(Records for this exercise begins)

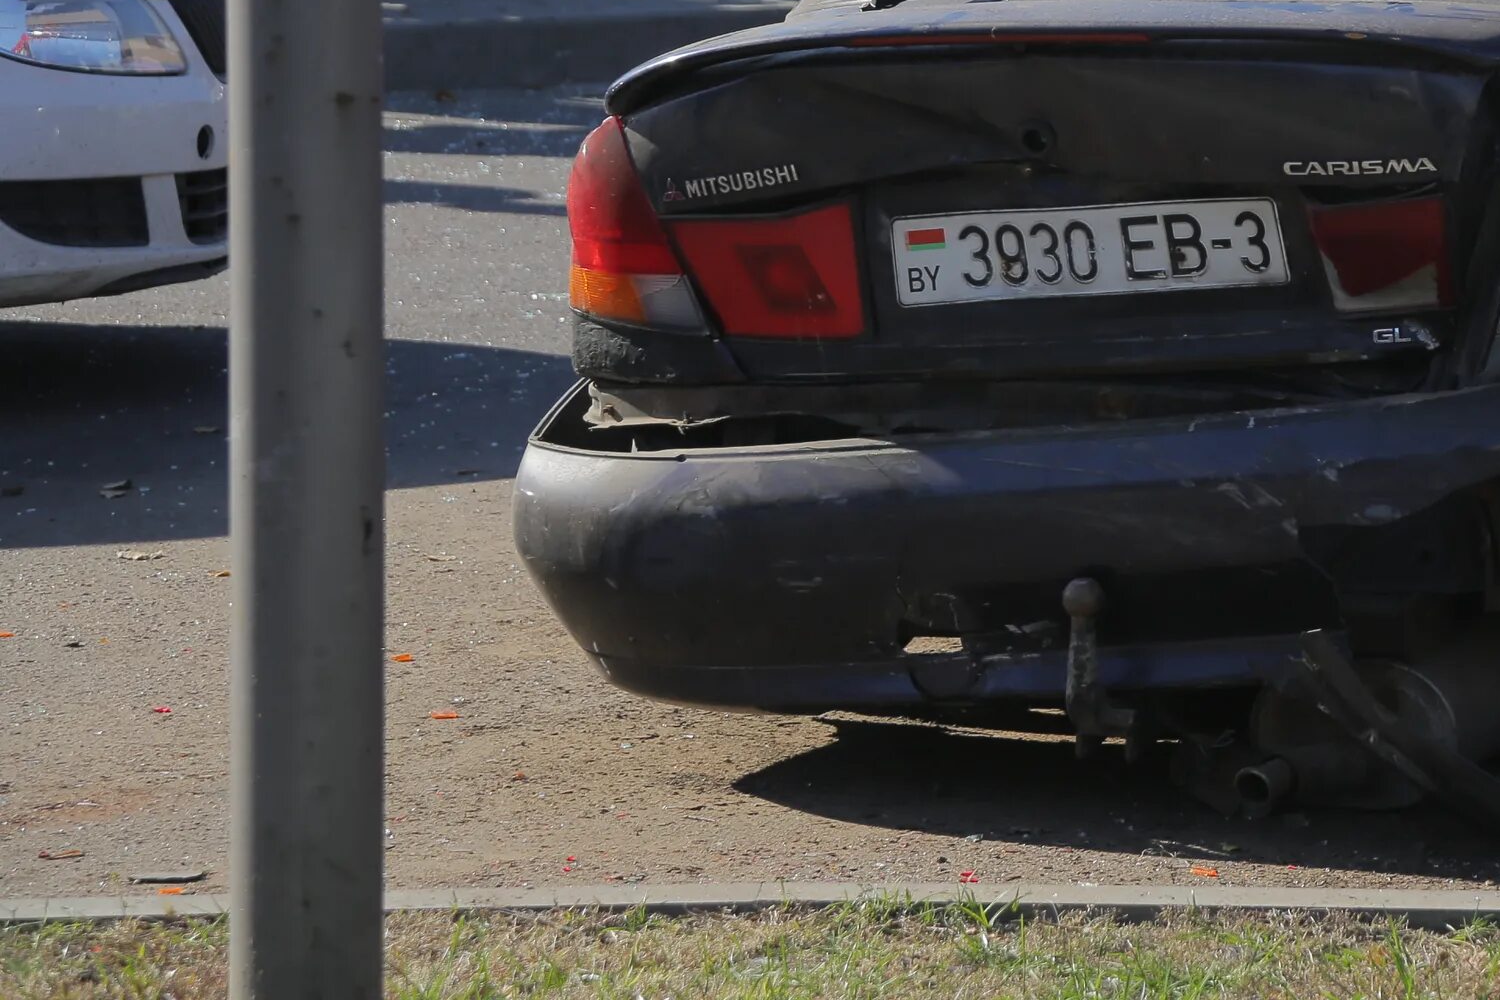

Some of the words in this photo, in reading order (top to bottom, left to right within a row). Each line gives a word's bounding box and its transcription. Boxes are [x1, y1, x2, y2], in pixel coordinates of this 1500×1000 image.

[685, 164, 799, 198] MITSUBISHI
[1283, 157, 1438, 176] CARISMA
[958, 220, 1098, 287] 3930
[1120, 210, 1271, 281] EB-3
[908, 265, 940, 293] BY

(Records for this exercise ends)

Copy out each line of the data exactly as it reads; skip the pictures.

Some of the words in this photo, in reading order (top to bottom, left to right within a row). Each line gives a word's bounding box and its transcription. Boxes are [x1, y1, x2, y2], in pixel coordinates of this 1500×1000 image.

[685, 164, 799, 198] MITSUBISHI
[1283, 157, 1438, 176] CARISMA
[958, 220, 1098, 287] 3930
[1120, 210, 1271, 281] EB-3
[908, 265, 940, 293] BY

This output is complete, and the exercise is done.